Much of the work the U.S. and some of its allies have been doing in Syria for more than two years has gone largely unnoticed. As of now, more than 2,000 military personnel are in Syria serving in a variety of advisory or security roles, according to the military.

Foster returned home just days before a Feb. 7 attack on Syrian opposition forces supported by U.S. advisors in the Deir-el-Zour Province. U.S.-led coalition forces responded with missile and airstrikes against troops loyal to the Syrian president and what are thought to have been Russian mercenaries.

After moving to his assignment in northern Syria in October, Foster met with the local commander of the Syrian resistance who wanted help from Foster's contingent moving two buildings to create a school.
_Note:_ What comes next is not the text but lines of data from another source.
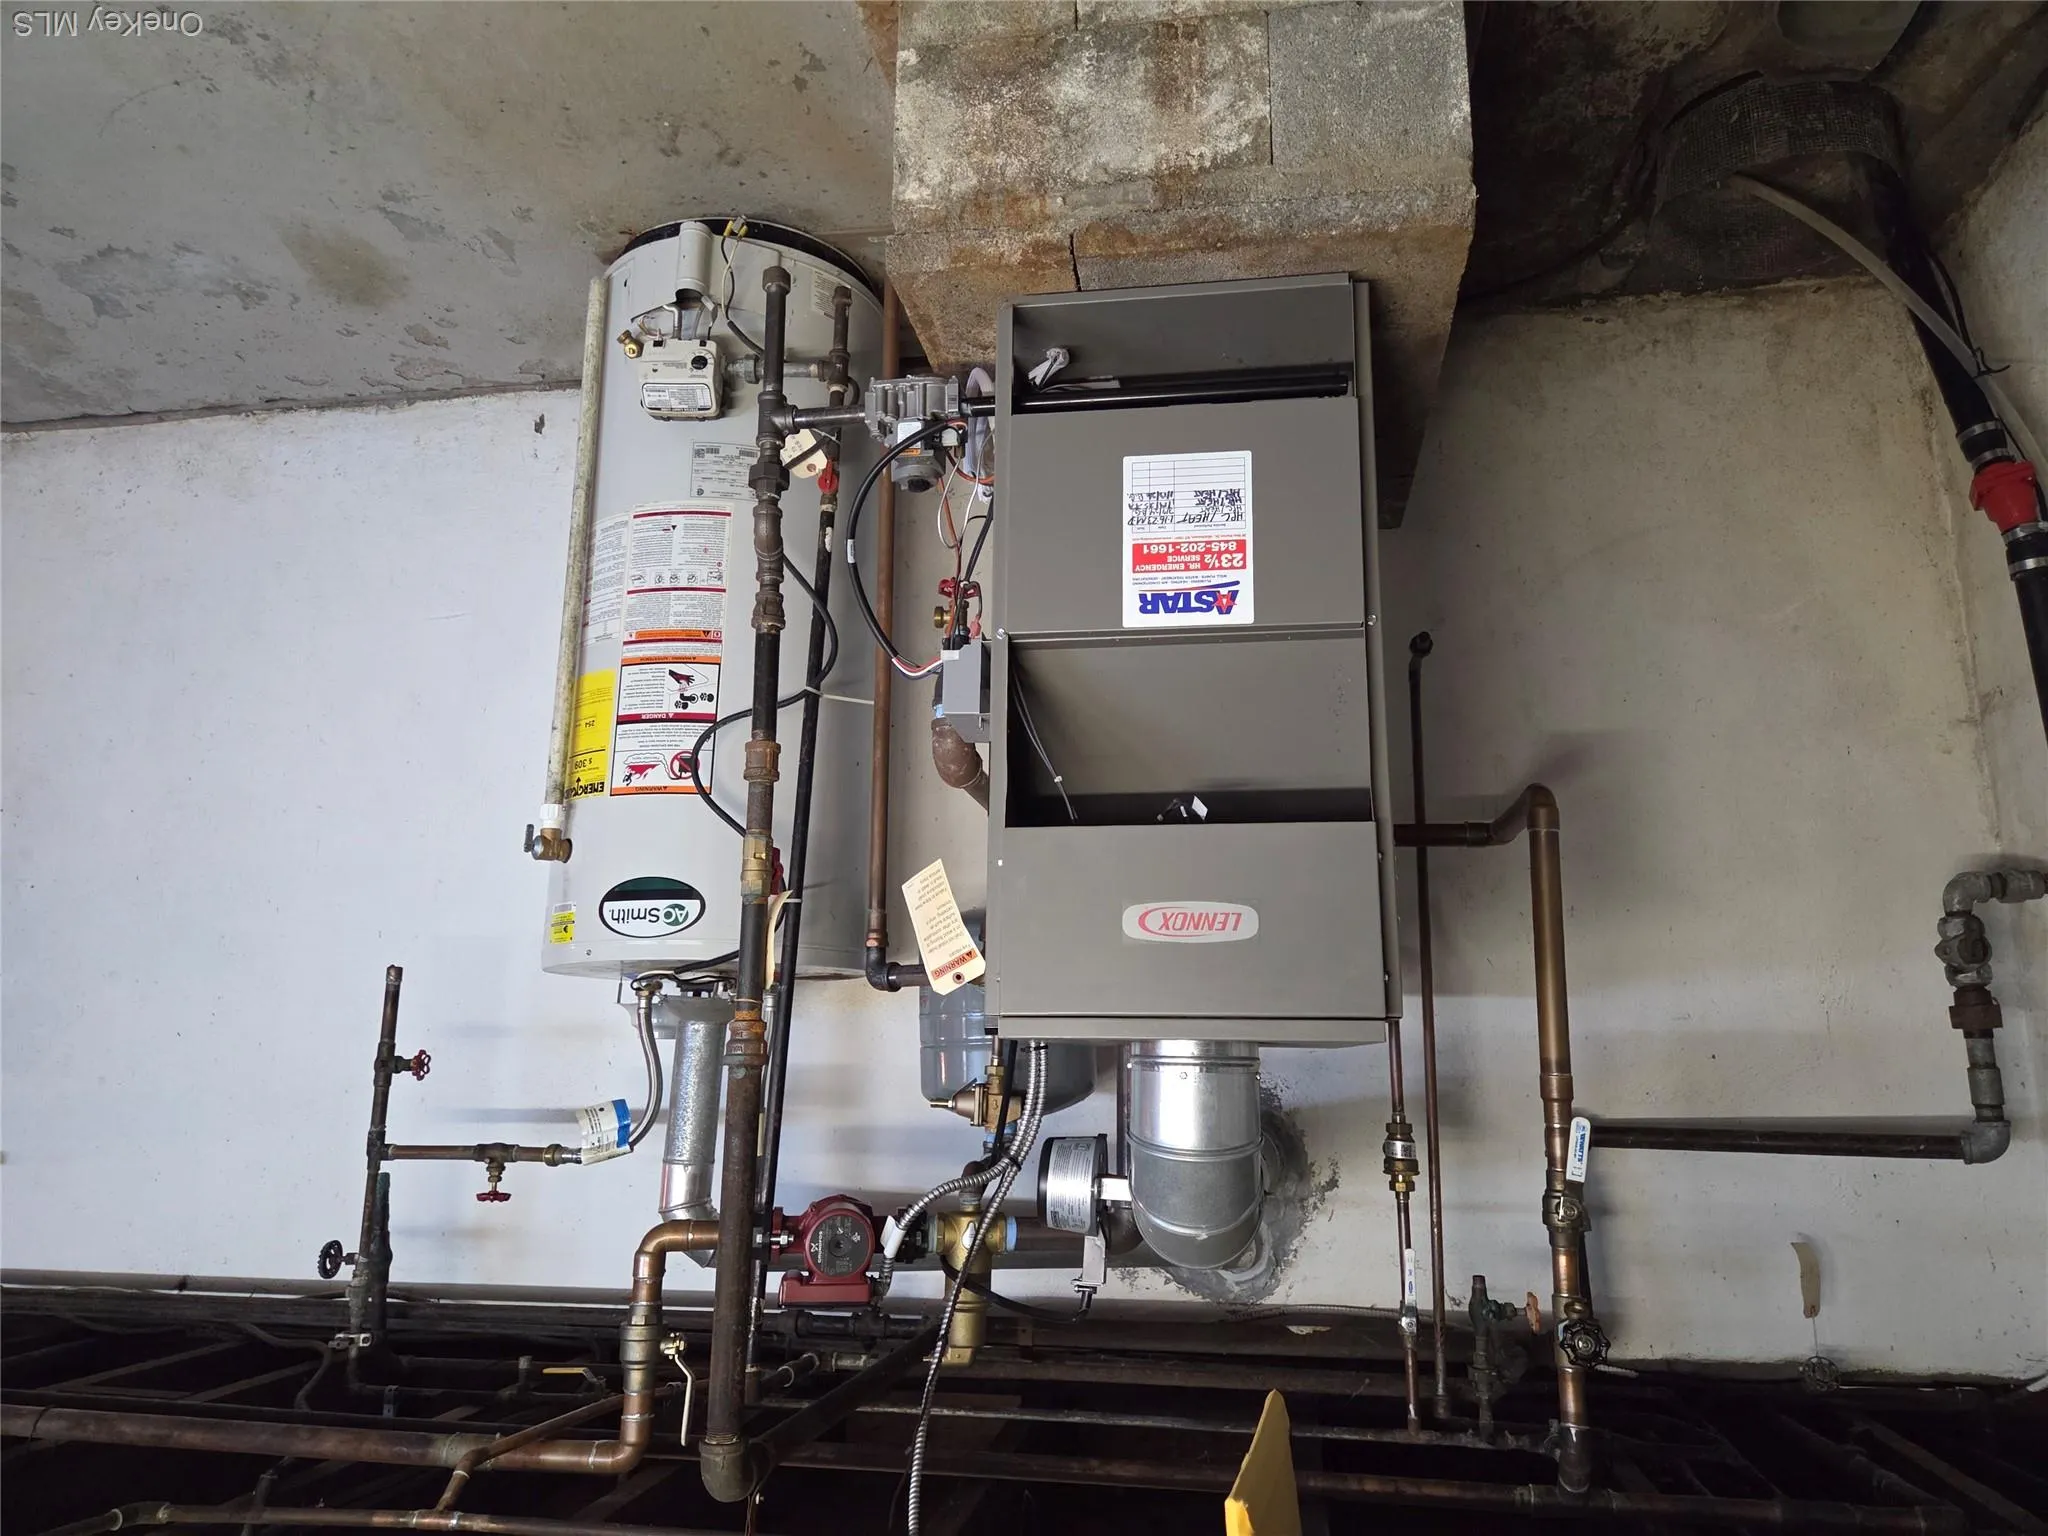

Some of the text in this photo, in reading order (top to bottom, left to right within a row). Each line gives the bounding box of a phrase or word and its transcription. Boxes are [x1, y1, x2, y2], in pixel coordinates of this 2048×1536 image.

[1142, 541, 1237, 554] 845-202-1661
[1167, 554, 1201, 562] SERVICE
[1135, 563, 1184, 571] EMERGENCY
[1187, 562, 1201, 570] HR.
[1138, 590, 1239, 614] ASTAR
[611, 908, 660, 924] Smith
[1158, 912, 1242, 932] LENNOX
[933, 955, 968, 978] WARNING
But when the Americans inspected the two concrete buildings, they found one housed a chicken coop and the other was home to a herd of goats.
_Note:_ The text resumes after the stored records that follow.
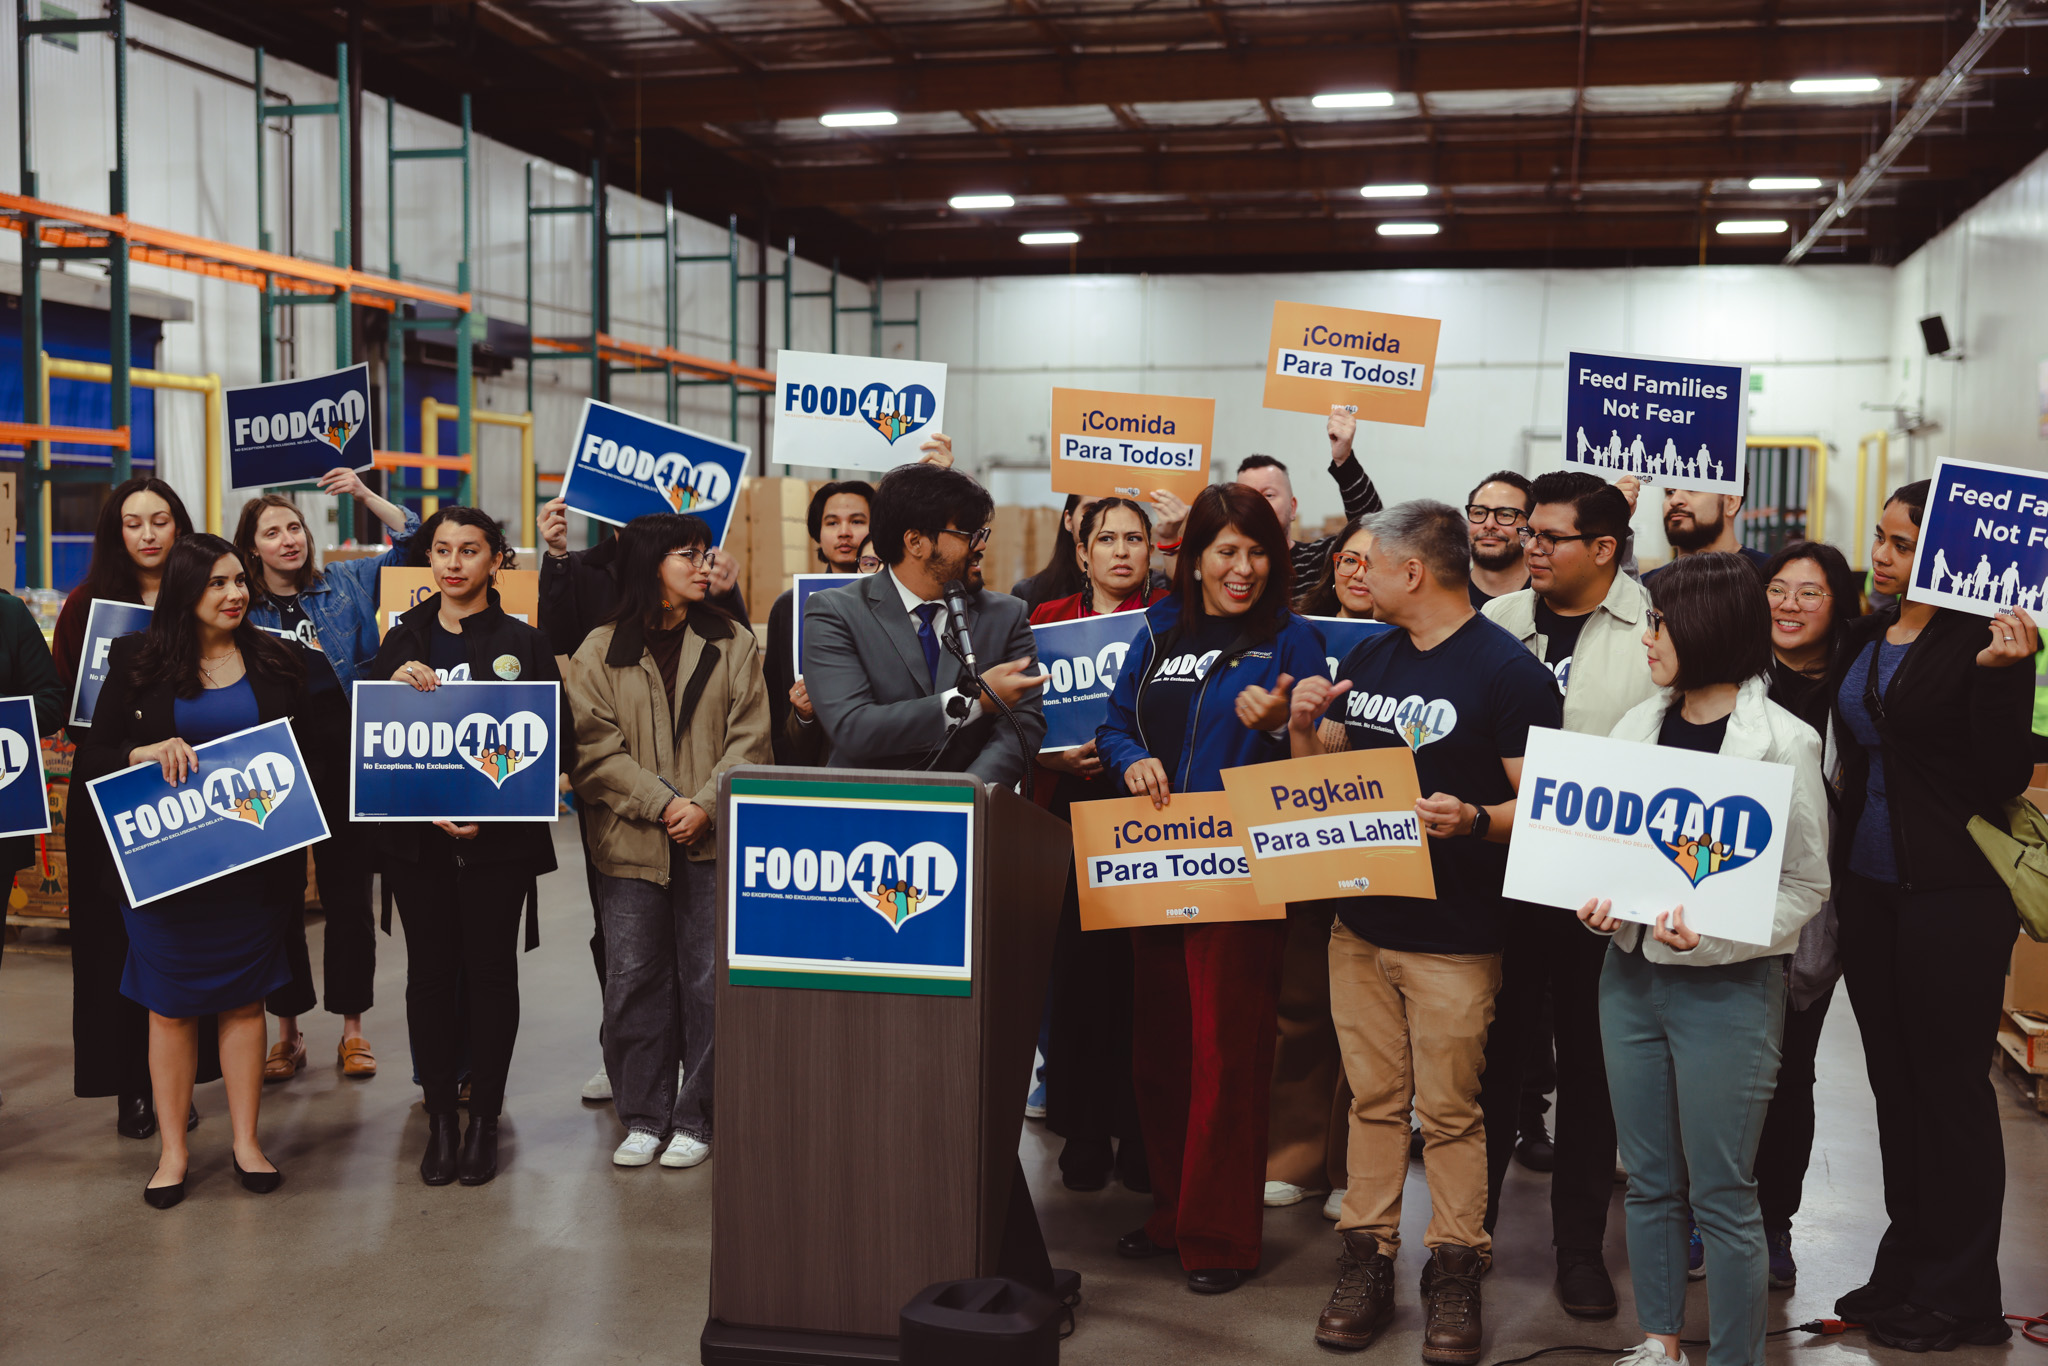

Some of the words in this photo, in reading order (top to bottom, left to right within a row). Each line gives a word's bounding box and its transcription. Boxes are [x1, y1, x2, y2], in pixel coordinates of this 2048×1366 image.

[1303, 326, 1400, 353] ¡Comida
[1283, 353, 1332, 377] Para
[1341, 360, 1416, 386] Todos!
[1580, 368, 1627, 390] Feed
[1634, 375, 1728, 399] Families
[786, 383, 927, 423] FOOD4ALL
[1603, 398, 1639, 419] Not
[1646, 403, 1695, 424] Fear
[235, 399, 361, 445] FOOD4ALL
[1082, 411, 1175, 435] ¡Comida
[1066, 439, 1112, 460] Para
[1119, 444, 1193, 466] Todos!
[1949, 483, 2012, 510] Feed
[1973, 518, 2020, 544] Not
[1073, 692, 1109, 702] Exclusions.
[364, 721, 539, 758] FOOD4ALL
[114, 762, 289, 846] FOOD4ALL
[1271, 775, 1383, 813] Pagkain
[1114, 816, 1233, 848] ¡Comida
[1531, 777, 1756, 857] FOOD4ALL
[1253, 831, 1310, 853] Para
[1316, 826, 1345, 845] sa
[1350, 817, 1418, 843] Lahat!
[745, 847, 945, 896] FOOD4ALL
[1096, 858, 1158, 883] Para
[1166, 855, 1250, 878] Todos
"We told them they weren't suitable for a school. They were too heavy and too messed up," Foster said.

"But we had a bridge company, a group of engineers nearby, with a crane. We took two 40-foot shipping containers and made them into a school. We spent a day cutting and welding and made the school for about 50 kids.

"We handed out candy, Christmas stockings, stuffed animals, all kinds of things. We had a Catholic priest in our camp who had all kinds of stuff shipped to him," Foster explained of the December project.
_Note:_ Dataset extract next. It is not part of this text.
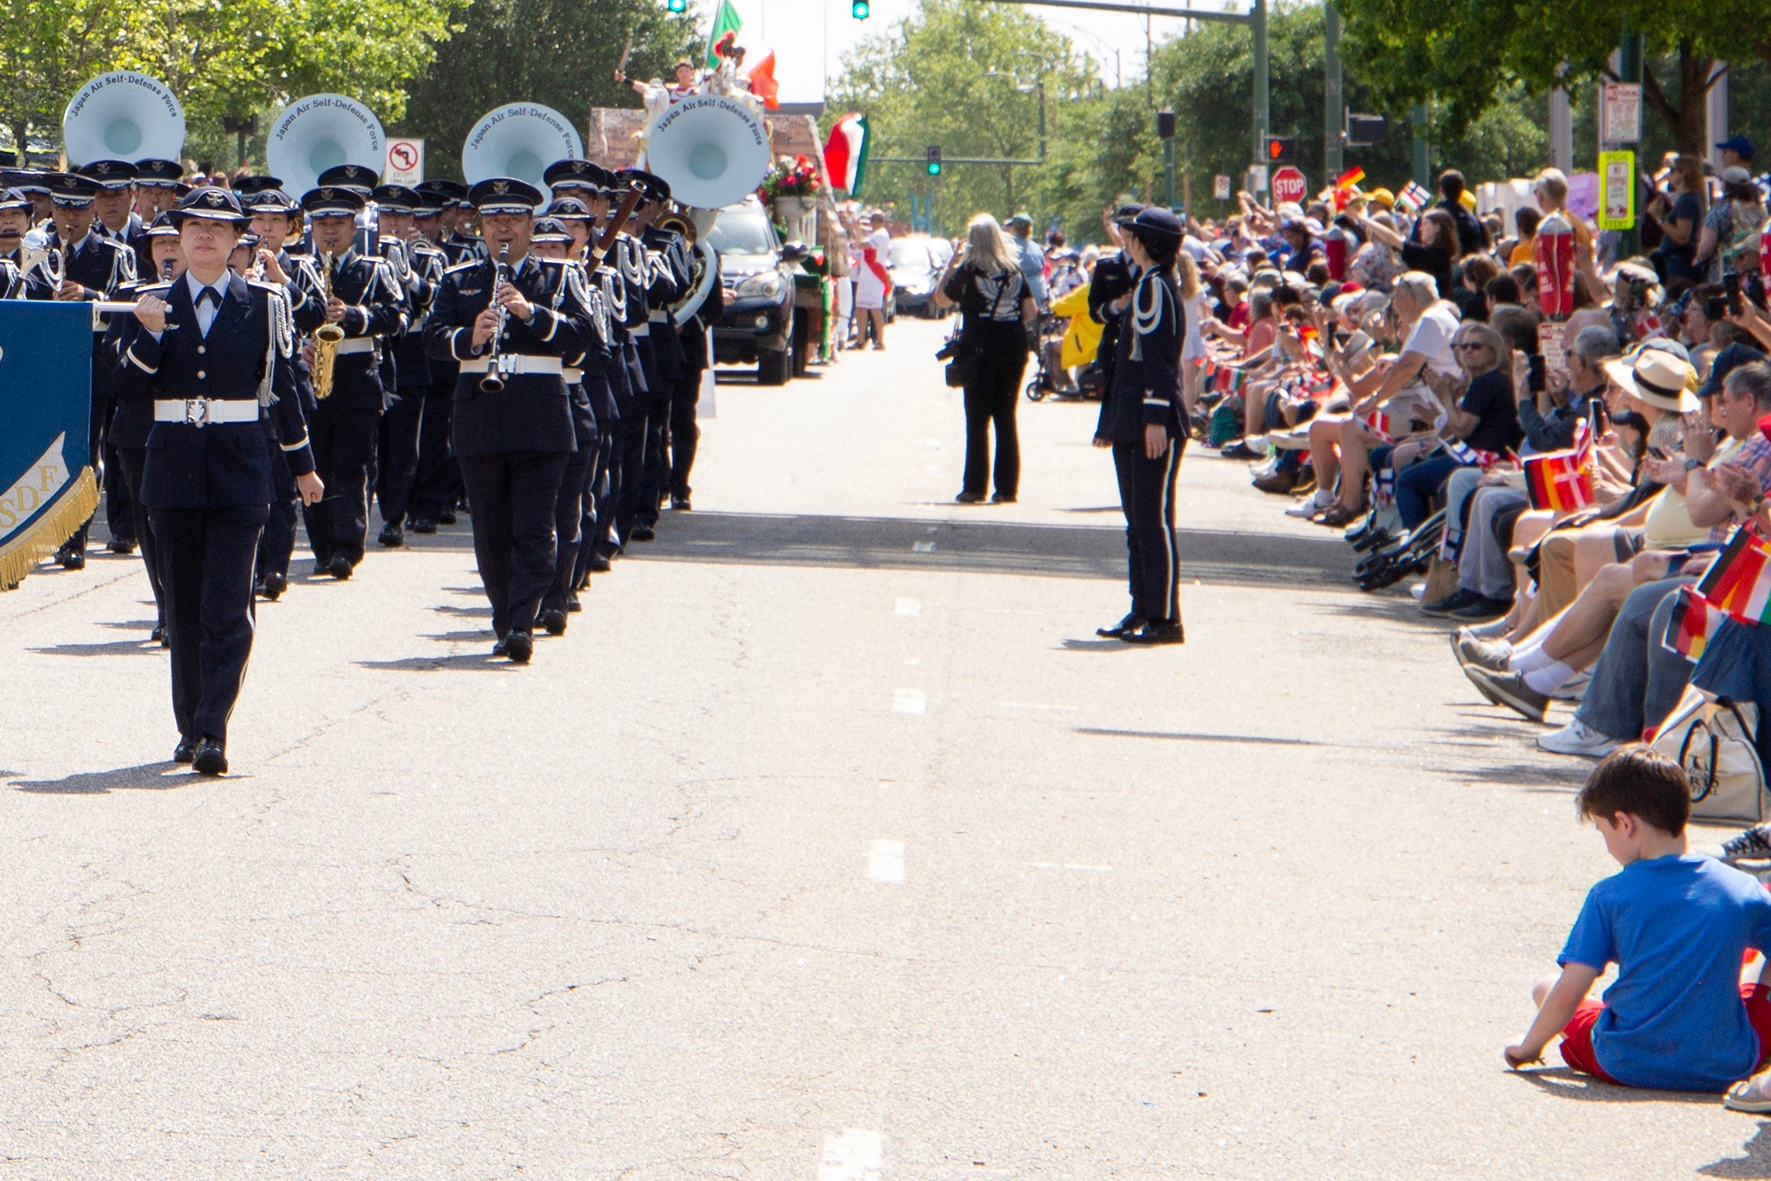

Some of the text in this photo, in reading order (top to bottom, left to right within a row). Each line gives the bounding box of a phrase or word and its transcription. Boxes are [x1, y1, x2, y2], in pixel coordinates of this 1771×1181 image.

"It was something special to see the kids' expression. Helping with the kind of rebuilding is how we can turn that country around," the Columbus resident continued, noting a civil affairs team for which Foster's contingent provided security worked with that school and other community projects in the region.

While Syria, Turkey and the areas around them have been in turmoil for thousands of years, some of today's problems were made worse after World War I when the U.S. and European allies established national boundaries with little respect for cultures or nationalities. The Kurds, who have been among the biggest U.S. allies for almost 30 years, have been pushed out of Turkey, Iran, Iraq, and Syria, although  the group numbers more than 40 million.

"The Kurds are the largest group of people in the world without a country," Foster stated. "When you look at Syria and Iraq, the greatest luck we've had fighting ISIS and others has been with Kurdish. There are Kurdistan flags everywhere."

During some of his outreach efforts in the communities where they worked, Foster found the differences in political understandings striking.

"In the town where we built the school, we did a community engagement. They had no idea what the word democracy meant. We talked about it and they were pretty excited by the concept," Foster recalled.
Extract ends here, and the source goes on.